(Records to process Opens)

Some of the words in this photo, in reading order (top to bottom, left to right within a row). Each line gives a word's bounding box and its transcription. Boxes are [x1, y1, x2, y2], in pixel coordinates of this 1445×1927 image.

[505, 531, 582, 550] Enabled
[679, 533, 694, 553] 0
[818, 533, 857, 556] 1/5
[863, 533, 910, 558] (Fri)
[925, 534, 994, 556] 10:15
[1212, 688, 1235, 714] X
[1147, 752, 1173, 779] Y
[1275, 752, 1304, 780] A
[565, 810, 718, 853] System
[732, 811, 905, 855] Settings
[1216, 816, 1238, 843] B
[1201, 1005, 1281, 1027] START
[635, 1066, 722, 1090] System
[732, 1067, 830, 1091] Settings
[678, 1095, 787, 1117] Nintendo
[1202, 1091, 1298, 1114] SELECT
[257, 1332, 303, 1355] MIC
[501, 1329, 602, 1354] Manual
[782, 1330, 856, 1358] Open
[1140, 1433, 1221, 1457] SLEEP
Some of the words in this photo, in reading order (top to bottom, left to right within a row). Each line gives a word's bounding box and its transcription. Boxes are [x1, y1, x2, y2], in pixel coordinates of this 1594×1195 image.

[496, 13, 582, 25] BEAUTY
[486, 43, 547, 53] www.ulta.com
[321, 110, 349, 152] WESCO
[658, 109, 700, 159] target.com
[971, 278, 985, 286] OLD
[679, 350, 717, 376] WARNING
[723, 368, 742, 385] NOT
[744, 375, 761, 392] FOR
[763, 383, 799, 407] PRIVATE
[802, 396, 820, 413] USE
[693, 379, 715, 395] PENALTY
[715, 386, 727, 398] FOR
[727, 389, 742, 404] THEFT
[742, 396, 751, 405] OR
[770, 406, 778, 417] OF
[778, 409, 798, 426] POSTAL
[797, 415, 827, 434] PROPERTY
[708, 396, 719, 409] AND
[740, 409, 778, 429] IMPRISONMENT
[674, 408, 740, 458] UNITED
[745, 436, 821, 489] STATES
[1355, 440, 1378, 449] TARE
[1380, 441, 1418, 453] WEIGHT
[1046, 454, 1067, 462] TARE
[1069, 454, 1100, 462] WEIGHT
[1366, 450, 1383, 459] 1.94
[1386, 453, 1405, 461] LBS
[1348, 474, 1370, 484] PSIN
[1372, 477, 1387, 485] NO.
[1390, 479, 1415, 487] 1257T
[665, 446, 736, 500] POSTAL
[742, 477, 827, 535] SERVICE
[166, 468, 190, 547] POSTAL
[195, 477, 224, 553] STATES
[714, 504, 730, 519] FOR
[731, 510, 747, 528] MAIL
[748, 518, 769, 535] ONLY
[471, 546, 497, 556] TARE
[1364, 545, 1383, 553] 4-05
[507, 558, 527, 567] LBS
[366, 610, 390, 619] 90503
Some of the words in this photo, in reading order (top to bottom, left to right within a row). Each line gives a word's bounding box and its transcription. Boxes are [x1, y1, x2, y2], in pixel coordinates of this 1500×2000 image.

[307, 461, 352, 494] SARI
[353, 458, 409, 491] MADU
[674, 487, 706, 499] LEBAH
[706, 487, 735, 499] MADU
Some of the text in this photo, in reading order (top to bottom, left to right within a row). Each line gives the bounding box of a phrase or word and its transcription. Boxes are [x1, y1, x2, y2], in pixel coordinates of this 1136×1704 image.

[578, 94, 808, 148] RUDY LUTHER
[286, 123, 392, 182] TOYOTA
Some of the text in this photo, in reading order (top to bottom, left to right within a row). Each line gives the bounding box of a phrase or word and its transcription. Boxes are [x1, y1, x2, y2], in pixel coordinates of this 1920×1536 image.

(Records to process Closes)

• [What the task requires]: Reproduce each entry in the listing character for character.

• [Response area]:
Some of the words in this photo, in reading order (top to bottom, left to right within a row). Each line gives a word's bounding box and its transcription. Boxes are [x1, y1, x2, y2], in pixel coordinates of this 1445×1927 image.

[505, 531, 582, 550] Enabled
[679, 533, 694, 553] 0
[818, 533, 857, 556] 1/5
[863, 533, 910, 558] (Fri)
[925, 534, 994, 556] 10:15
[1212, 688, 1235, 714] X
[1147, 752, 1173, 779] Y
[1275, 752, 1304, 780] A
[565, 810, 718, 853] System
[732, 811, 905, 855] Settings
[1216, 816, 1238, 843] B
[1201, 1005, 1281, 1027] START
[635, 1066, 722, 1090] System
[732, 1067, 830, 1091] Settings
[678, 1095, 787, 1117] Nintendo
[1202, 1091, 1298, 1114] SELECT
[257, 1332, 303, 1355] MIC
[501, 1329, 602, 1354] Manual
[782, 1330, 856, 1358] Open
[1140, 1433, 1221, 1457] SLEEP
Some of the words in this photo, in reading order (top to bottom, left to right within a row). Each line gives a word's bounding box and its transcription. Boxes are [x1, y1, x2, y2], in pixel coordinates of this 1594×1195 image.

[496, 13, 582, 25] BEAUTY
[486, 43, 547, 53] www.ulta.com
[321, 110, 349, 152] WESCO
[658, 109, 700, 159] target.com
[971, 278, 985, 286] OLD
[679, 350, 717, 376] WARNING
[723, 368, 742, 385] NOT
[744, 375, 761, 392] FOR
[763, 383, 799, 407] PRIVATE
[802, 396, 820, 413] USE
[693, 379, 715, 395] PENALTY
[715, 386, 727, 398] FOR
[727, 389, 742, 404] THEFT
[742, 396, 751, 405] OR
[770, 406, 778, 417] OF
[778, 409, 798, 426] POSTAL
[797, 415, 827, 434] PROPERTY
[708, 396, 719, 409] AND
[740, 409, 778, 429] IMPRISONMENT
[674, 408, 740, 458] UNITED
[745, 436, 821, 489] STATES
[1355, 440, 1378, 449] TARE
[1380, 441, 1418, 453] WEIGHT
[1046, 454, 1067, 462] TARE
[1069, 454, 1100, 462] WEIGHT
[1366, 450, 1383, 459] 1.94
[1386, 453, 1405, 461] LBS
[1348, 474, 1370, 484] PSIN
[1372, 477, 1387, 485] NO.
[1390, 479, 1415, 487] 1257T
[665, 446, 736, 500] POSTAL
[742, 477, 827, 535] SERVICE
[166, 468, 190, 547] POSTAL
[195, 477, 224, 553] STATES
[714, 504, 730, 519] FOR
[731, 510, 747, 528] MAIL
[748, 518, 769, 535] ONLY
[471, 546, 497, 556] TARE
[1364, 545, 1383, 553] 4-05
[507, 558, 527, 567] LBS
[366, 610, 390, 619] 90503
Some of the words in this photo, in reading order (top to bottom, left to right within a row). Each line gives a word's bounding box and its transcription. Boxes are [x1, y1, x2, y2], in pixel coordinates of this 1500×2000 image.

[307, 461, 352, 494] SARI
[353, 458, 409, 491] MADU
[674, 487, 706, 499] LEBAH
[706, 487, 735, 499] MADU
Some of the text in this photo, in reading order (top to bottom, left to right within a row). Each line gives the bounding box of a phrase or word and its transcription. Boxes are [x1, y1, x2, y2], in pixel coordinates of this 1136×1704 image.

[578, 94, 808, 148] RUDY LUTHER
[286, 123, 392, 182] TOYOTA
Some of the text in this photo, in reading order (top to bottom, left to right within a row). Each line gives the bounding box of a phrase or word and its transcription. Boxes are [x1, y1, x2, y2], in pixel coordinates of this 1920×1536 image.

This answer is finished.